Potassium-Sparing Diuretics. Potassium-sparing diuretics also reduce free water clearance but seem less likely than a thiazide to cause hyponatremia. Combining a potassium-sparing diuretic with a thiazide could enhance the reduction in maximal dilution of urine.16 Combining it with a loop diuretic can increase the antihypertensive effect with less risk of hyponatremia than a potassium-sparing diuretic/thiazide combination, although studies to demonstrate this have not been performed.
Dose Reduction. In general, in patients with TIH, replacement of the thiazide with a nondiuretic antihypertensive agent (or if a diuretic is needed, a loop diuretic) is the safest approach. However, sometimes a thiazide diuretic is needed. For example, a diuretic is needed in some patients to control their hypertension, but they may not tolerate a loop diuretic. In such patients, a case can be made for continuation of the thiazide at a reduced dosage in concert with avoidance of excessive fluid intake, as long as the degree of hyponatremia has been minimal (129–132 mEq/L), normalization of serum sodium concentration is documented, and careful follow-up is assured. A lower dose would increase the ability to excrete free water, would reduce the hypovolemic stimulus for ADH secretion, and can correct borderline hyponatremia in many cases.

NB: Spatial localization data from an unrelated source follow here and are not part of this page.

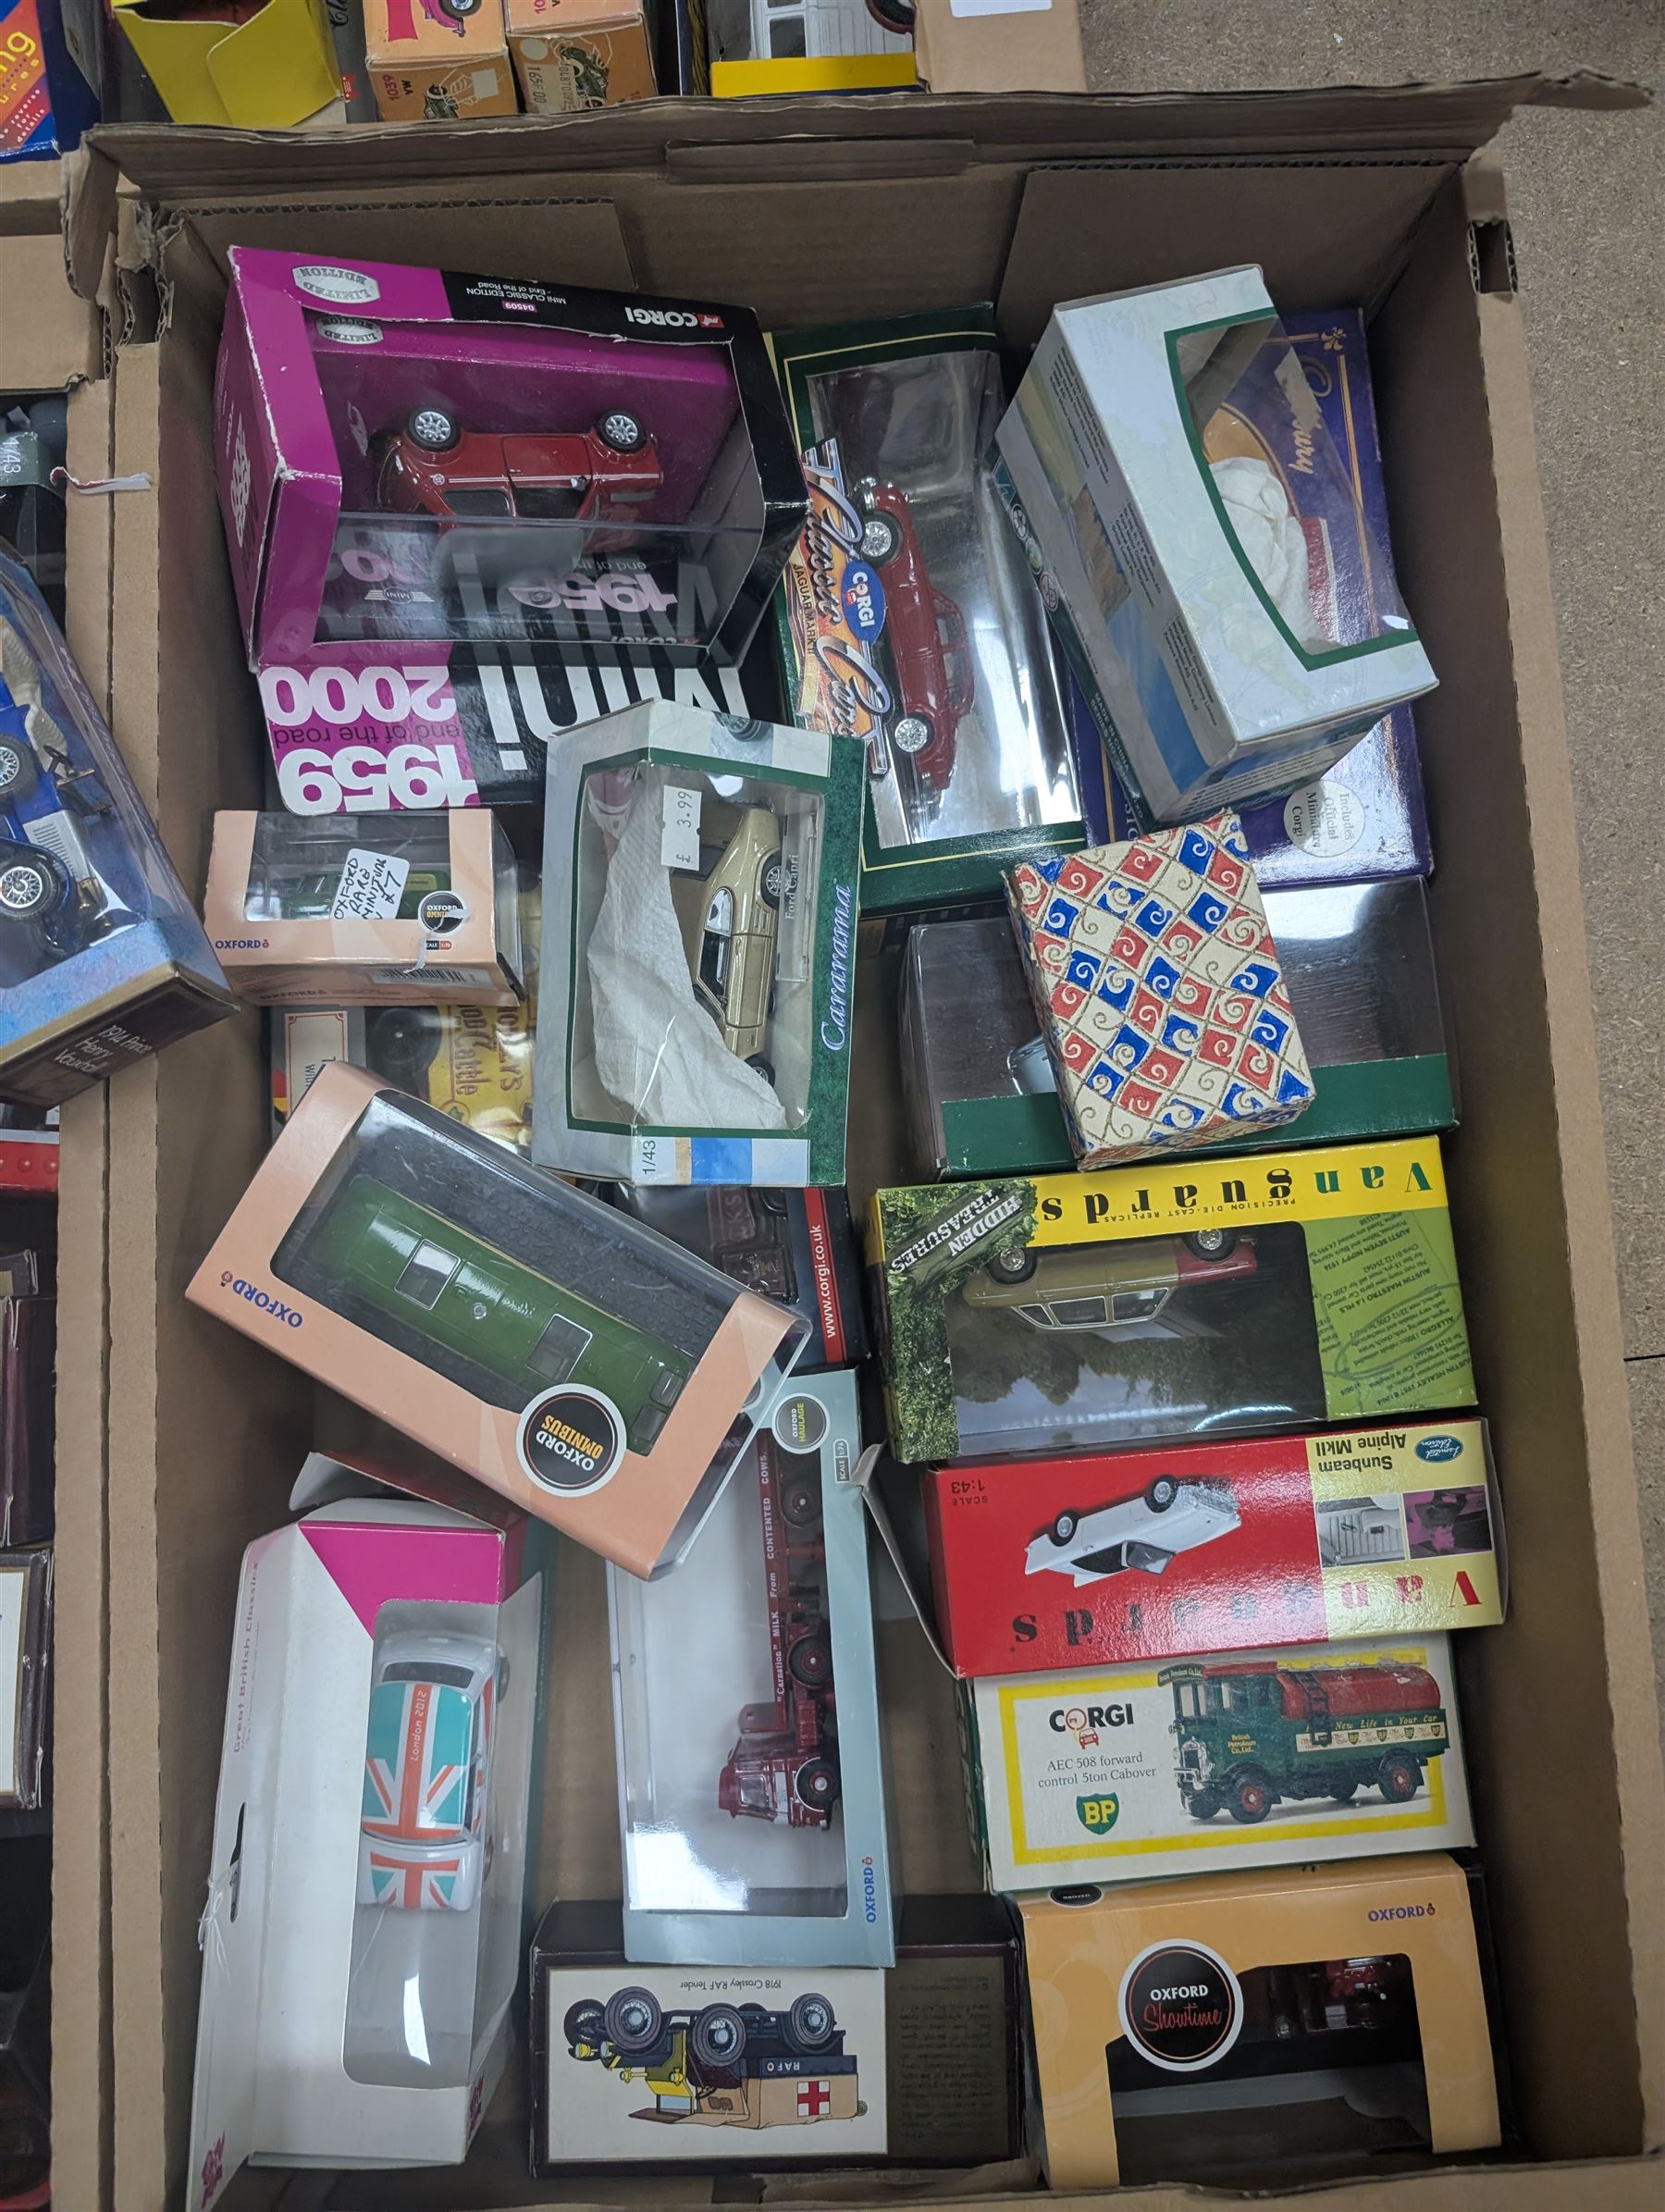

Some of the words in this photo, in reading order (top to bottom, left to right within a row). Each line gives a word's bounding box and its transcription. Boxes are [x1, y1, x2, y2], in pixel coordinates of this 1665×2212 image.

[401, 80, 414, 95] VW
[11, 89, 41, 125] reverse
[17, 114, 31, 129] for
[17, 108, 45, 142] details
[300, 266, 367, 286] EDITION
[477, 281, 501, 290] Road
[502, 283, 517, 291] the
[302, 281, 372, 303] LIMITED
[465, 287, 505, 297] EDITION
[506, 290, 546, 302] CLASSIC
[528, 287, 547, 296] End
[547, 296, 567, 304] MINI
[505, 302, 535, 312] 04509
[624, 306, 699, 327] CORGI
[323, 327, 379, 344] LIMITED
[385, 590, 411, 600] MINI
[793, 563, 813, 611] JAGUAR
[804, 610, 818, 646] MARK
[852, 571, 876, 628] CORGI
[259, 664, 459, 727] 2000
[273, 727, 331, 749] road
[339, 725, 380, 745] the
[385, 724, 408, 745] of
[416, 723, 462, 743] end
[278, 744, 479, 816] 1959
[676, 789, 694, 829] 3.99
[1305, 792, 1321, 848] Miniature
[1324, 797, 1339, 840] Official
[1338, 794, 1355, 842] Includes
[1291, 806, 1304, 837] Corgi
[785, 853, 799, 889] Capri
[333, 857, 360, 921] OXFORD
[784, 890, 796, 921] Ford
[215, 939, 262, 949] OXFORD
[820, 884, 851, 1052] Cararama
[74, 1035, 116, 1063] Henry
[119, 1035, 153, 1055] Prince
[453, 1032, 493, 1096] Cattle
[642, 1138, 657, 1174] 1/43
[1042, 1161, 1434, 1225] Vanguards
[1229, 1196, 1296, 1209] PRECISION
[1102, 1210, 1160, 1222] REPLICAS
[1166, 1204, 1224, 1216] DIE-CAST
[891, 1186, 997, 1275] TREASURES
[949, 1192, 1024, 1256] HIDDEN
[809, 1224, 835, 1339] www.corgi.co.uk
[232, 1279, 303, 1328] OXFORD
[797, 1402, 807, 1443] HAULAGE
[541, 1414, 605, 1460] OMNIBUS
[1314, 1439, 1353, 1455] MkII
[1357, 1432, 1408, 1452] Alpine
[536, 1429, 595, 1472] OXFORD
[838, 1458, 847, 1481] SCALE
[1317, 1454, 1393, 1471] Sunbeam
[950, 1479, 986, 1495] 1:43
[951, 1492, 988, 1506] SCALE
[763, 1496, 775, 1561] CONTENTED
[769, 1571, 778, 1599] From
[771, 1610, 781, 1637] MILK
[414, 1690, 426, 1717] 2012
[1048, 1702, 1135, 1733] CORGI
[1399, 1716, 1418, 1726] Your
[1424, 1714, 1437, 1724] Car
[410, 1721, 423, 1761] London
[1046, 1759, 1074, 1772] AEC
[1076, 1756, 1098, 1769] 508
[1099, 1751, 1144, 1768] forward
[1037, 1773, 1078, 1788] control
[1081, 1770, 1108, 1785] 5ton
[1109, 1766, 1157, 1784] Cabover
[1082, 1799, 1116, 1826] BP
[863, 1866, 877, 1924] OXFORD
[1367, 1905, 1425, 1923] OXFORD
[679, 1979, 707, 1990] Tender
[709, 1979, 727, 1989] RAF
[729, 1977, 762, 1991] Crossley
[763, 1978, 782, 1990] 1918
[1149, 1983, 1210, 2004] OXFORD
[1142, 2000, 1224, 2033] Showtime
[775, 2059, 800, 2071] RAF

Monitoring of Serum Sodium Concentration. Current guidelines recommend assessing serum sodium concentration within a month of initiating therapy with a thiazide diuretic. However, most cases of TIH develop within 1 to 2 weeks. It would make sense to assess serum sodium concentration within a 1 or 2 weeks of initiating treatment with a thiazide diuretic in patients older than 70 who are at higher risk for TIH. Similarly, serum sodium should be checked in elderly patients in whom the dose is being increased or who are being switched from a thiazide to the more potent chlorthalidone. The cost-effectiveness of earlier monitoring needs to be assessed.

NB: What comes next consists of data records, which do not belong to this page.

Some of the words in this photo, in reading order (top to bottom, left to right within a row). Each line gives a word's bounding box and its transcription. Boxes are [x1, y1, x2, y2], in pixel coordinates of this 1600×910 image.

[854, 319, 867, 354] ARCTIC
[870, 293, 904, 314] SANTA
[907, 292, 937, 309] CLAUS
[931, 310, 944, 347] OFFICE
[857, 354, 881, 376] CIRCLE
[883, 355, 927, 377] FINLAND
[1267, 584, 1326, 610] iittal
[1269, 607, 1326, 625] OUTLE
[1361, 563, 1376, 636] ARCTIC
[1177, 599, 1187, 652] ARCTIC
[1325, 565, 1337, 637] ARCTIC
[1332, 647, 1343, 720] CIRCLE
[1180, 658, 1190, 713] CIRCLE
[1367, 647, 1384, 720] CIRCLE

Management of Patients With Borderline Hyponatremia. There are currently no guidelines in place concerning management of individuals who have borderline or minimal hyponatremia (129–132 mEq/L) while taking a thiazide diuretic, a condition that might not be entirely harmless.34 Such patients would seem to be at increased risk for developing more severe hyponatremia in the event of increased fluid intake, reduced sodium intake, intercurrent stress or illness, or addition of commonly used drugs that can affect sodium handling, such as a nonsteroidal anti-inflammatory drug. In such patients, the habitual amount of fluid intake should be ascertained, and in those with excessive intake (>1.5–2 L/d), it should be reduced. The second major issue concerns whether diuretics should be avoided. At one extreme, the not uncommon practice of many physicians of continuing thiazide diuretic therapy in such patients must be questioned, both because of the potential risk and because a nonthiazide diuretic or an antihypertensive drug other than a diuretic can usually be substituted without compromising blood pressure control. At the other extreme, the practice of many physicians of rigidly avoiding the use of all diuretics, including loop diuretics, in such patients must also be challenged, since in some cases it denies diuretic therapy to patients who truly need a diuretic. Although controlled trials are lacking, if the hypertension cannot be controlled with agents other than diuretics, a loop diuretic, with careful monitoring of serum sodium, merits consideration.